Are you undecided about declaring a major? Fear not — doubt is more common than you think. Choosing a major can be difficult. Many students struggle to nail down an early career path, and it doesn’t necessarily get easier with age.
A 2015 report from the Bureau of Labor Statistics titled: “Number of Jobs Held, Labor Market Activity, and Earnings Growth among the Youngest Baby Boomers: Results from a Longitudinal Survey” showed boomers held an average of 11.7 jobs from ages 18 to 48. Twenty-seven percent held 15 jobs or more.
Think of your major as a career stepping stone, not a commitment to a lifetime career carved in stone. Here are four simple but effective tools to help guide you onto the right path for start of your journey to a fulfilling vocation.
1. Go with your passion
You know the saying: “If you choose a career you love, you’ll never work a day in your life.” What excites you? What energizes and fulfills you? Grab a pen or your laptop and make a list of every time you can recall being totally absorbed in an activity, no matter how insignificant or irrelevant the memory seems.
Do you binge watch crime, detective, or legal dramas? Are you fascinated with forensics? Is serving the public and upholding the integrity of the law important to you? The challenging and rewarding field of criminal justice might be just your thing.
A B.S. in Criminal Justice prepares you for a career in public, private, and not-for-profit sectors in law enforcement, security management, and public and private investigation. As our country’s need for increased public safety grows, you’ll find more openings for police officers and emergency management directors.
Is there something you currently do as a hobby that you can parlay into a rewarding career path? Have you considered using your love for horses to propel you into a B.S. in Equine Studies program?
Do you live for game day and eat, sleep, and breathe professional sports? A B.S. in Sport Management can be your first step to a dynamic, fast-paced career in both U.S. and international sports organizations. The career options are unlimited. Once you know how to apply business and marketing techniques to the sports world, you can carve out your niche.
The sports market in North America was worth $60.5 billion in 2014 and is expected to reach $73.5 billion by 2019. The estimated size of the global sports industry in 2015 was $1.5 trillion, and the U.S. accounted for $498.4 billion of that amount.
2. Go with your strengths
Are you a math whiz? Fascinated by the stock market and all kinds of investment vehicles? Do friends and family envy your analytical prowess when it comes to financial analysis, financial forecasting, and budgeting?
Consider a degree in finance or accounting. A broad range of business employers pursue graduates from these in-demand programs. If you enjoy helping people and organizations make informed financial decisions, a Bachelor of Science in Accounting degree program teaches you to apply practical accounting principles and concepts to modern businesses. You learn the regulations that govern financial reporting and tax compliance and are qualified for a career in local or national businesses, the federal government, or nonprofit organizations. This degree is a great stepping stone if you decide to pursue a CPA or CMA certification.

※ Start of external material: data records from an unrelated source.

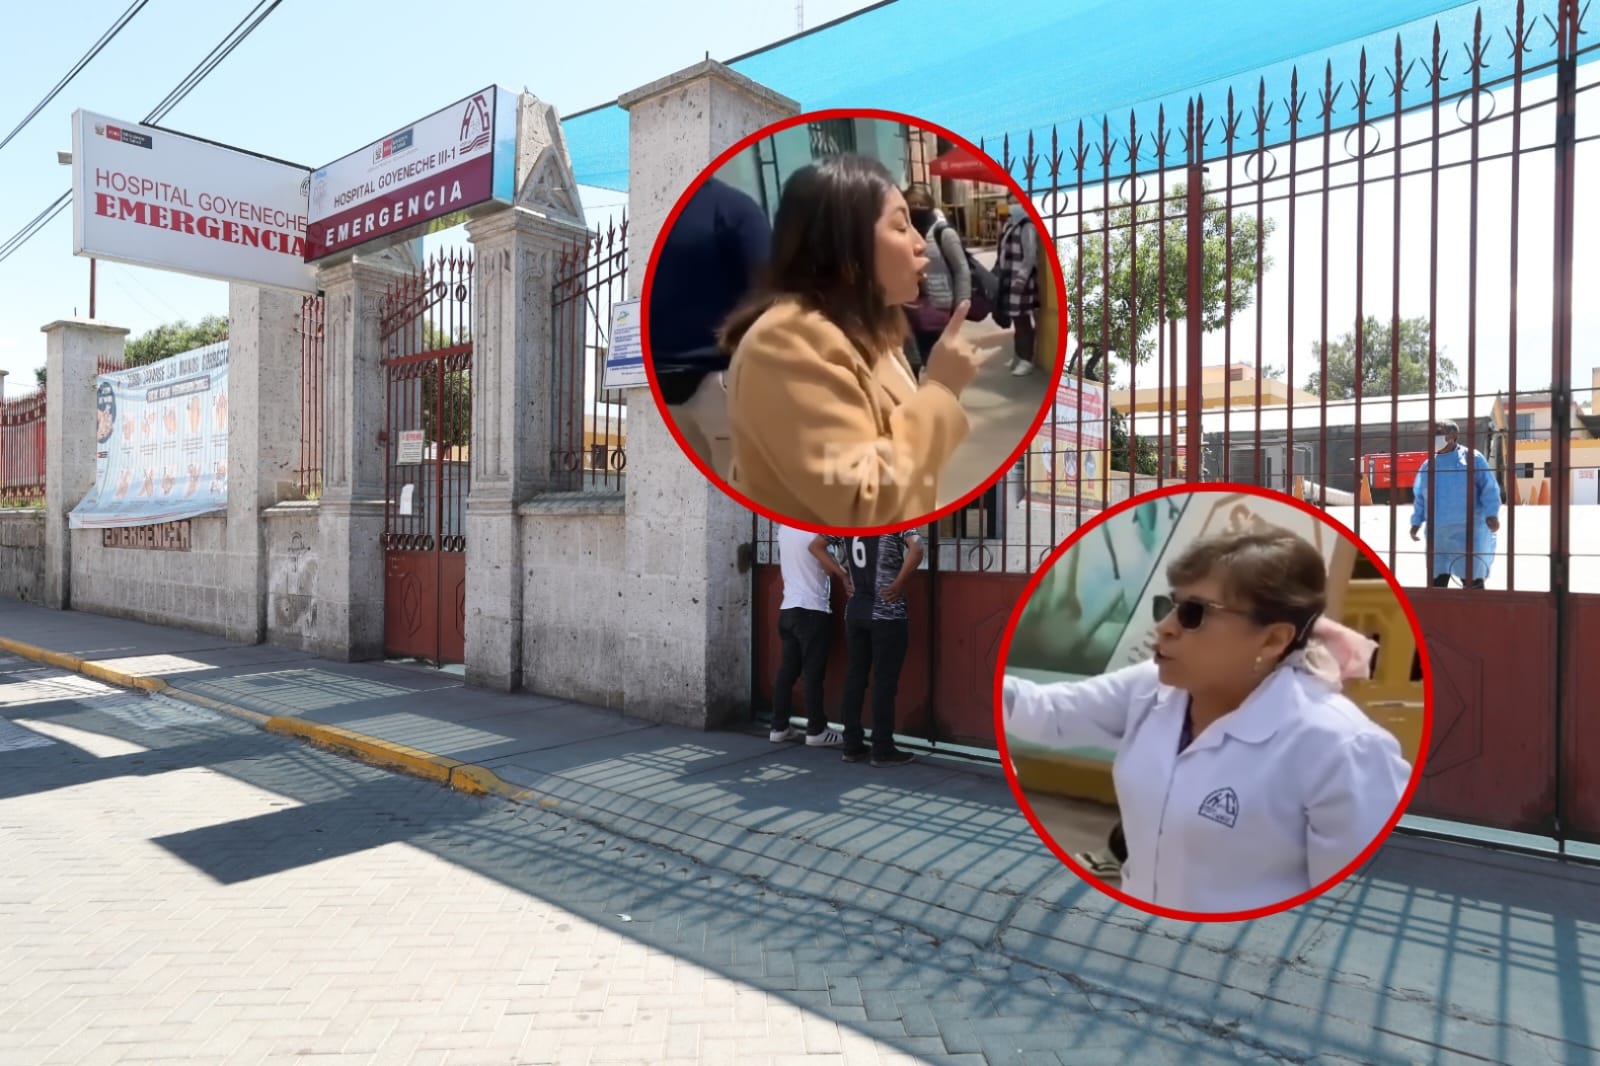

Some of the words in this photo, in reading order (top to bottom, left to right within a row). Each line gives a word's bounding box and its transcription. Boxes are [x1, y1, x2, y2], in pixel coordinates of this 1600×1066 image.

[96, 168, 194, 208] HOSPITAL
[198, 192, 307, 233] GOYENECHE
[334, 180, 376, 208] HOSPITAL
[378, 154, 436, 190] GOYENECHE
[438, 146, 456, 166] III-1
[95, 192, 307, 258] EMERGENCIA
[325, 180, 462, 248] EMERGENCIA
[104, 520, 190, 549] EMERGENCIA
[852, 535, 867, 569] 6
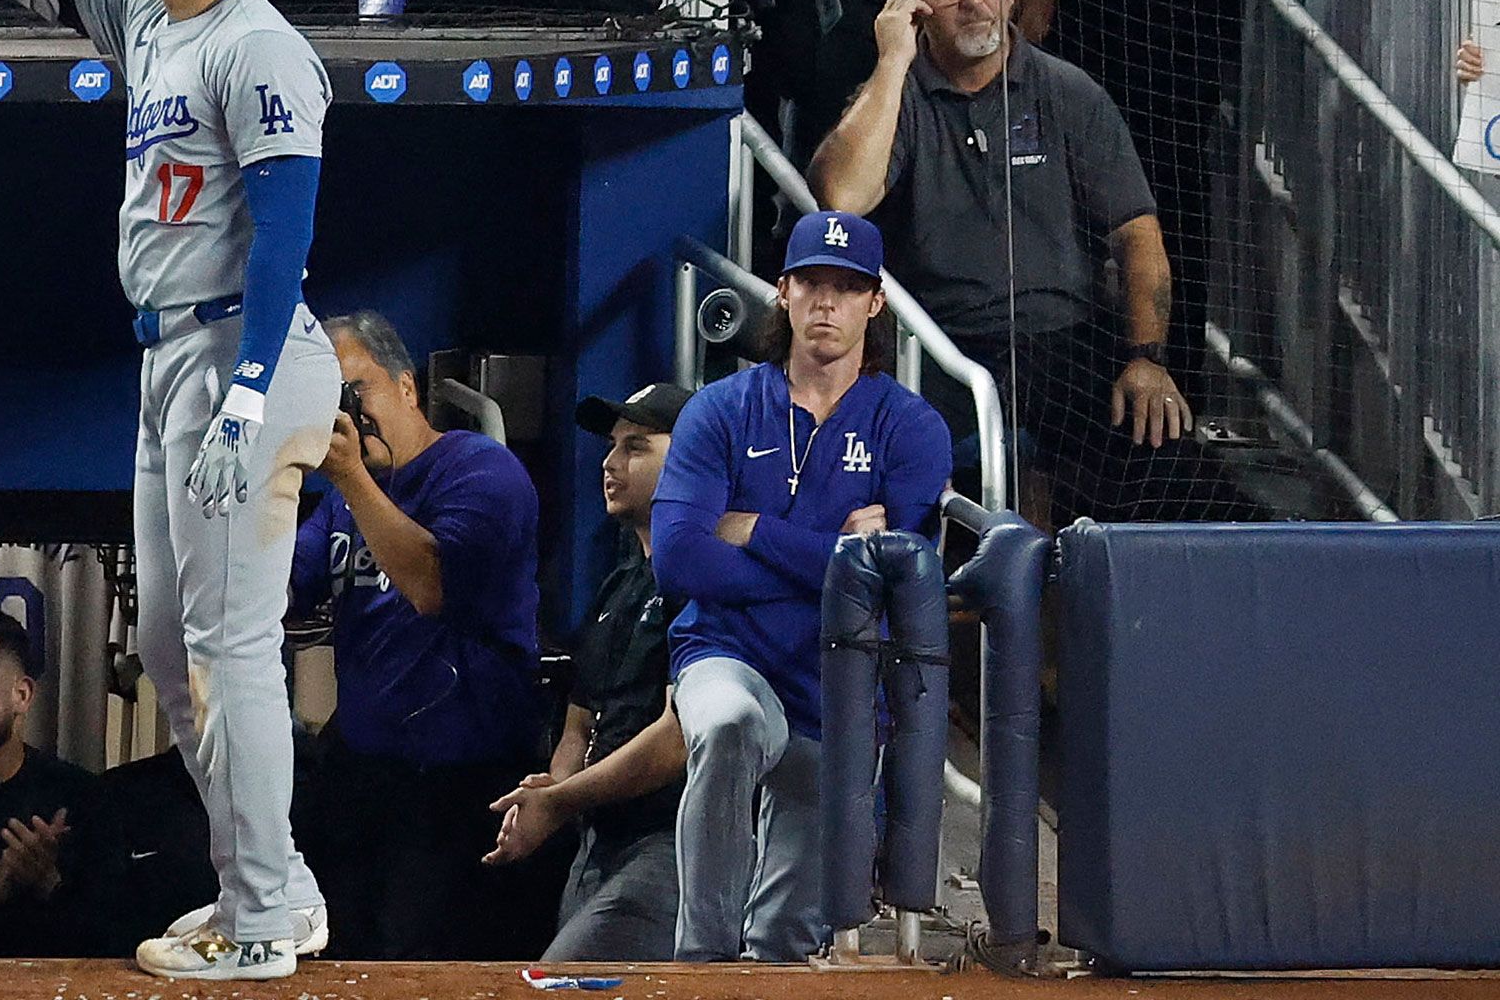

A career in finance can be very financially rewarding, according to the BLS. Annual salaries include:
- Financial Analyst: $80,310
- Personal Finance Advisor: $89,160
- Financial Manager: $117,990
- Financial Examiner: $78,010
Majoring in finance helps you develop extensive knowledge in areas such as investments, capital planning, financial analysis, and international finance while helping you become proficient at managing your finances.
3. Go with your values and temperament
What’s non-negotiable for you about a workplace, job description, and community of colleagues? If you need help answering that, take advantage of the many free career aptitude and personality tests online. If you’ve never taken the Myers-Briggs Type Indicator (MBTI) personality inventory, do it now.
If you discover you’re an introvert who needs silence and solitude to shine in your career, you’ll know that loud, over-stimulating work environments and jobs that involve high public contact might not fulfill you.
4. Go with the flow
Remember that choosing a major is just the first of many stepping stones on your lifelong path of learning, experiencing, and experimenting. You can always change your mind and your career path, and it’s more than likely you will — many times!